WHAT YOU WILL DO
Only the pictures are to be dropped; the rest of the data below is to be duplicated exactly.

RECORD SET
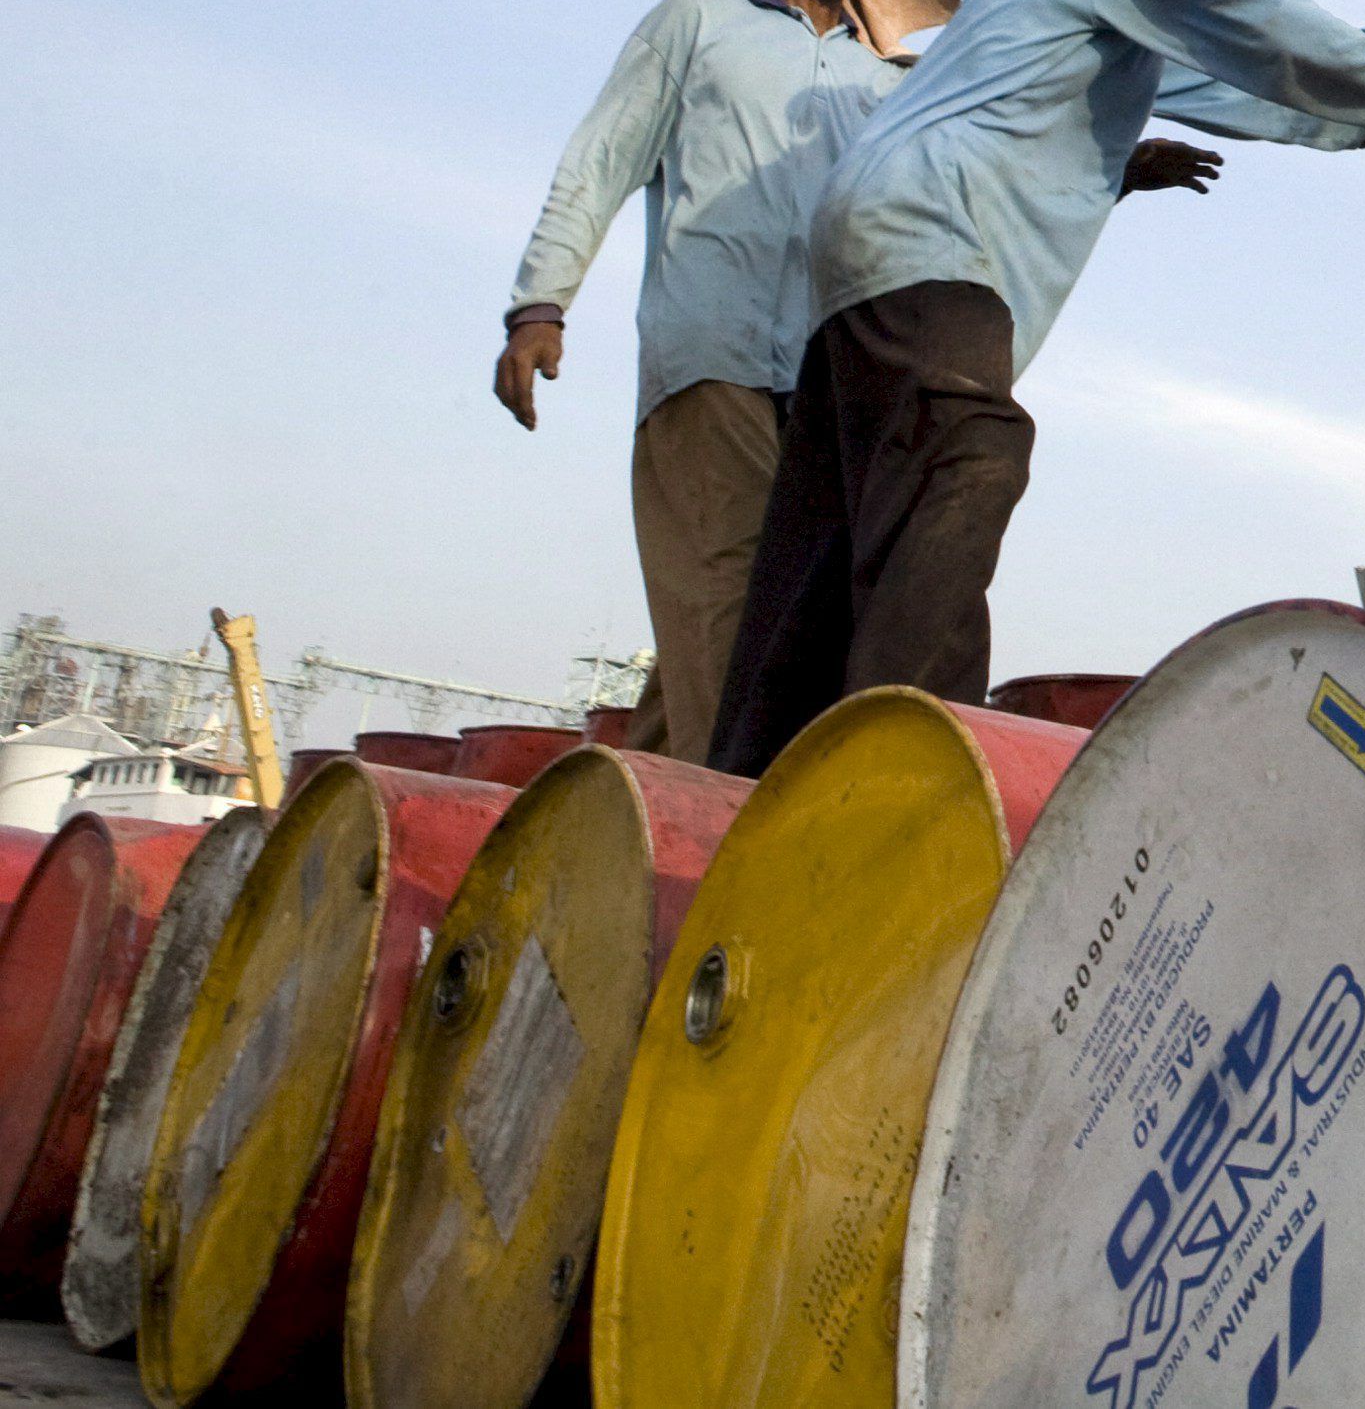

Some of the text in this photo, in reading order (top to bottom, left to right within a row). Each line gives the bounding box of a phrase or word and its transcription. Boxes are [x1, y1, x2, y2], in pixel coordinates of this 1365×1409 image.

[1051, 848, 1149, 1035] 01206082
[1074, 900, 1214, 1150] PRODUCED BY PERTAMINA
[1133, 1015, 1211, 1148] SAE 40
[1106, 982, 1281, 1291] 420
[1287, 1161, 1300, 1178] &
[1206, 1190, 1317, 1362] PERTAMINA
[1233, 1181, 1287, 1261] MARINE
[1189, 1265, 1233, 1332] DIESEL

RESULT OF THIS TASK
Some of the text in this photo, in reading order (top to bottom, left to right within a row). Each line gives the bounding box of a phrase or word and its transcription. Boxes are [x1, y1, x2, y2], in pixel coordinates of this 1365×1409 image.

[1051, 848, 1149, 1035] 01206082
[1074, 900, 1214, 1150] PRODUCED BY PERTAMINA
[1133, 1015, 1211, 1148] SAE 40
[1106, 982, 1281, 1291] 420
[1287, 1161, 1300, 1178] &
[1206, 1190, 1317, 1362] PERTAMINA
[1233, 1181, 1287, 1261] MARINE
[1189, 1265, 1233, 1332] DIESEL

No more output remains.